[Image-backed grounding data]
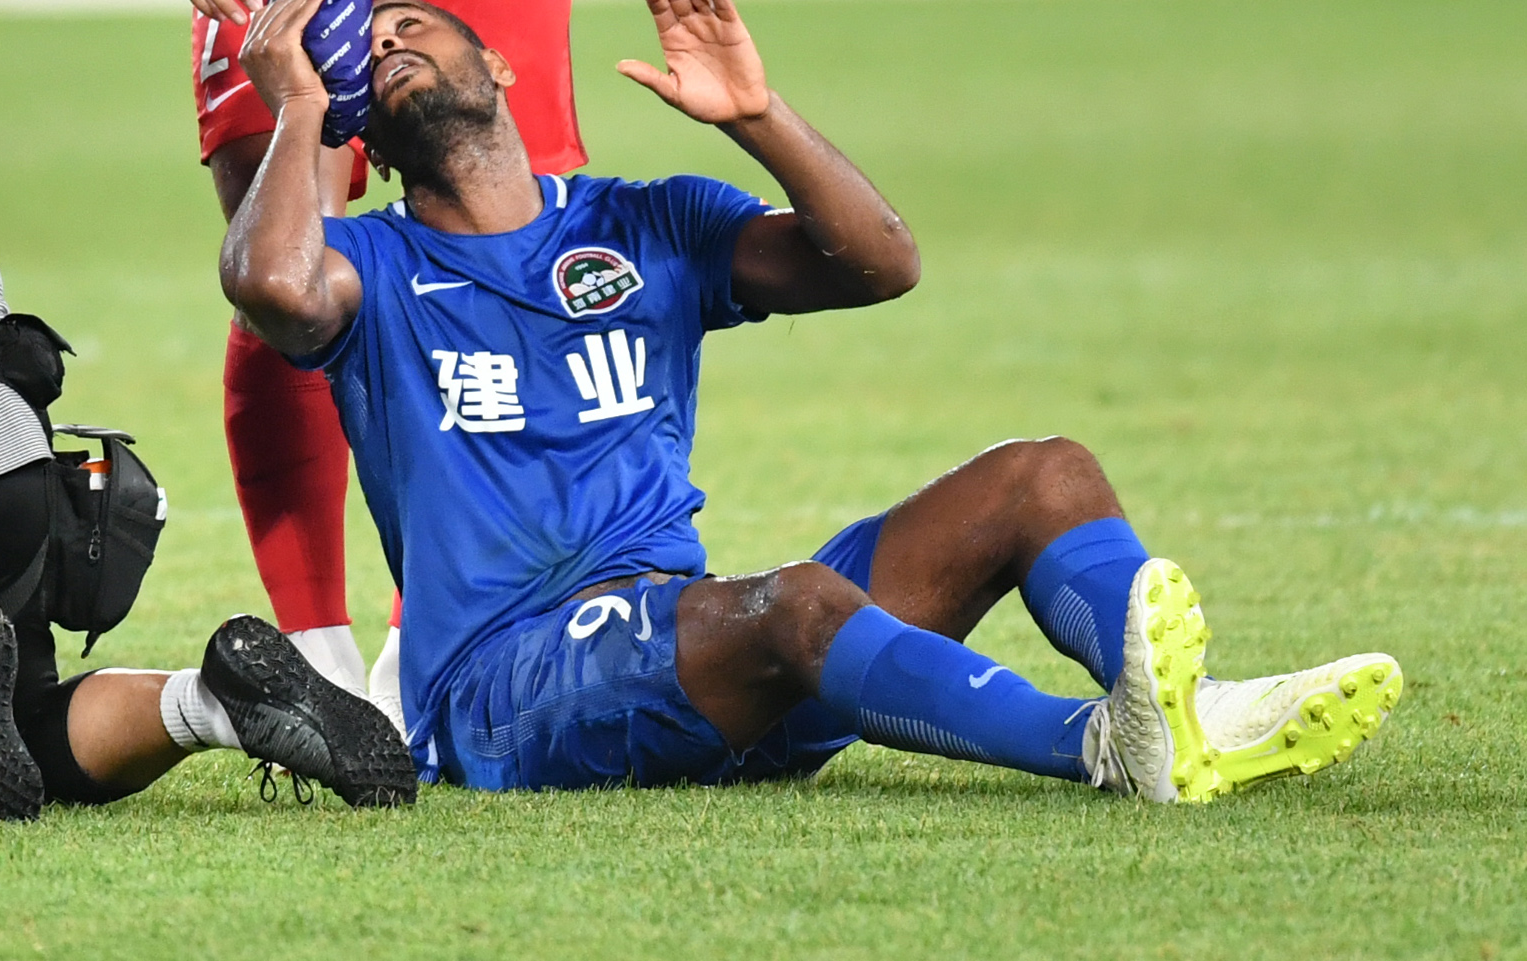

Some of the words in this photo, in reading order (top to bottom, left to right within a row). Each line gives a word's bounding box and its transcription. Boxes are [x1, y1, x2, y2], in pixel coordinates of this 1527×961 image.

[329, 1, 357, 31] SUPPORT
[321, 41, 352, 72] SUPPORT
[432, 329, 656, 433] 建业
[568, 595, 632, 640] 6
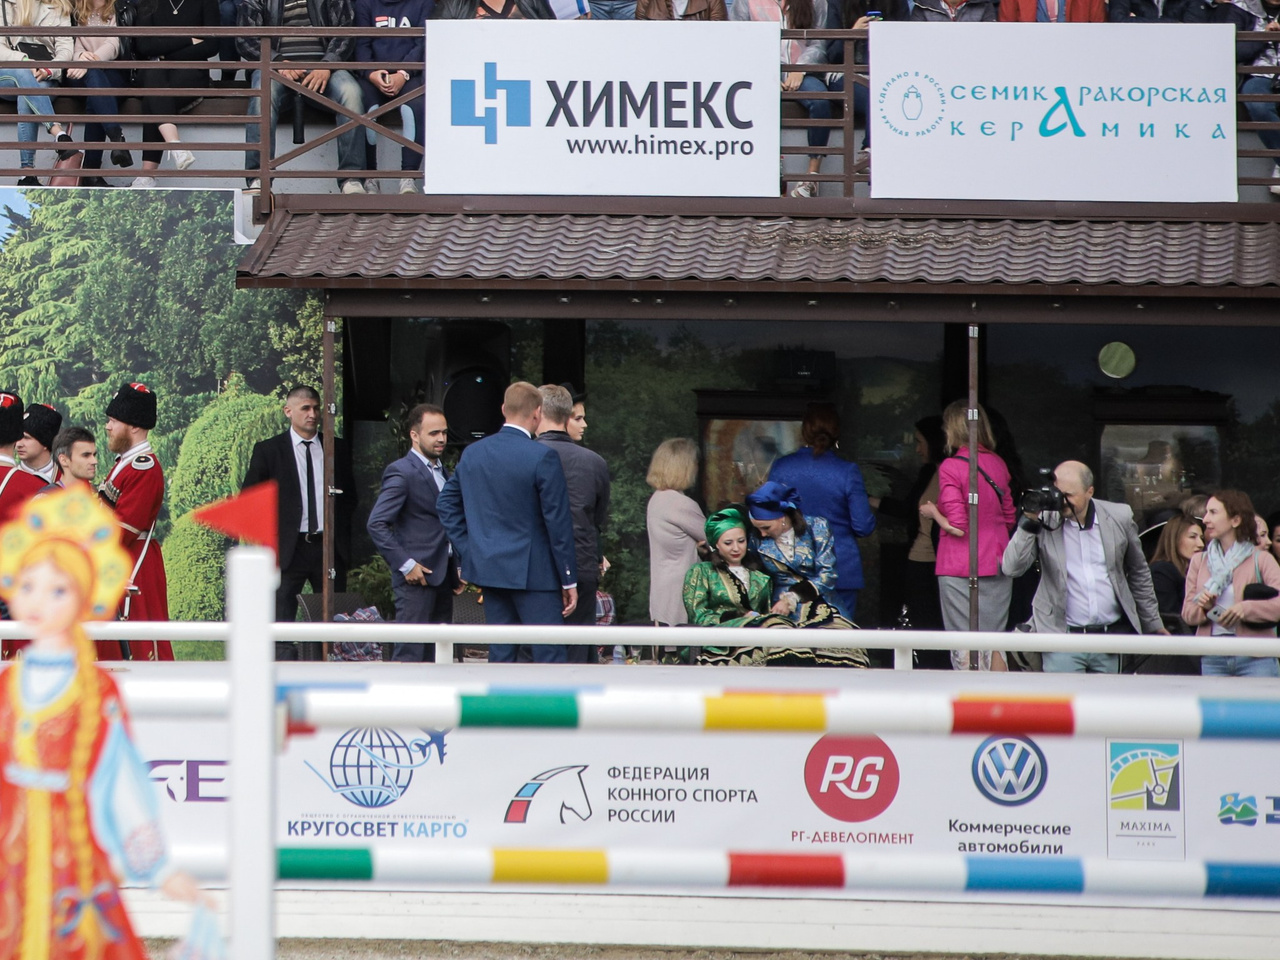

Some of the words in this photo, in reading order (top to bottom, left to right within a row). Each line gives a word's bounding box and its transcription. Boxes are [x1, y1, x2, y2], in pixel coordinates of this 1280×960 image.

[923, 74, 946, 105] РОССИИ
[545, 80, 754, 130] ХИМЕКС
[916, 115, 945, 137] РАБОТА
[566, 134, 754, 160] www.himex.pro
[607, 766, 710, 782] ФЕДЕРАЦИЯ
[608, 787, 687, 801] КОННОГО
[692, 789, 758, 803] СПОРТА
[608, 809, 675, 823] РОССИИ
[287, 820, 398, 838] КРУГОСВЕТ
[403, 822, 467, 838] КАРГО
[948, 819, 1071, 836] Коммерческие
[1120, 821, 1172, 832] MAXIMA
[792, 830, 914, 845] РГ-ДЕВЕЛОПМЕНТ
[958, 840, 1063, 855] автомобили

Exercise brief
Your copy of the records above should be exact and contain no pictures.

Output for this task
Some of the words in this photo, in reading order (top to bottom, left to right within a row). Each line gives a word's bounding box and its transcription. Boxes are [x1, y1, x2, y2], in pixel coordinates of this 1527×961 image.

[329, 1, 357, 31] SUPPORT
[321, 41, 352, 72] SUPPORT
[432, 329, 656, 433] 建业
[568, 595, 632, 640] 6

Some of the words in this photo, in reading order (top to bottom, left to right within a row). Each line gives a word's bounding box and its transcription. Boxes are [x1, y1, x2, y2], in pixel coordinates of this 1280×960 image.

[923, 74, 946, 105] РОССИИ
[545, 80, 754, 130] ХИМЕКС
[916, 115, 945, 137] РАБОТА
[566, 134, 754, 160] www.himex.pro
[607, 766, 710, 782] ФЕДЕРАЦИЯ
[608, 787, 687, 801] КОННОГО
[692, 789, 758, 803] СПОРТА
[608, 809, 675, 823] РОССИИ
[287, 820, 398, 838] КРУГОСВЕТ
[403, 822, 467, 838] КАРГО
[948, 819, 1071, 836] Коммерческие
[1120, 821, 1172, 832] MAXIMA
[792, 830, 914, 845] РГ-ДЕВЕЛОПМЕНТ
[958, 840, 1063, 855] автомобили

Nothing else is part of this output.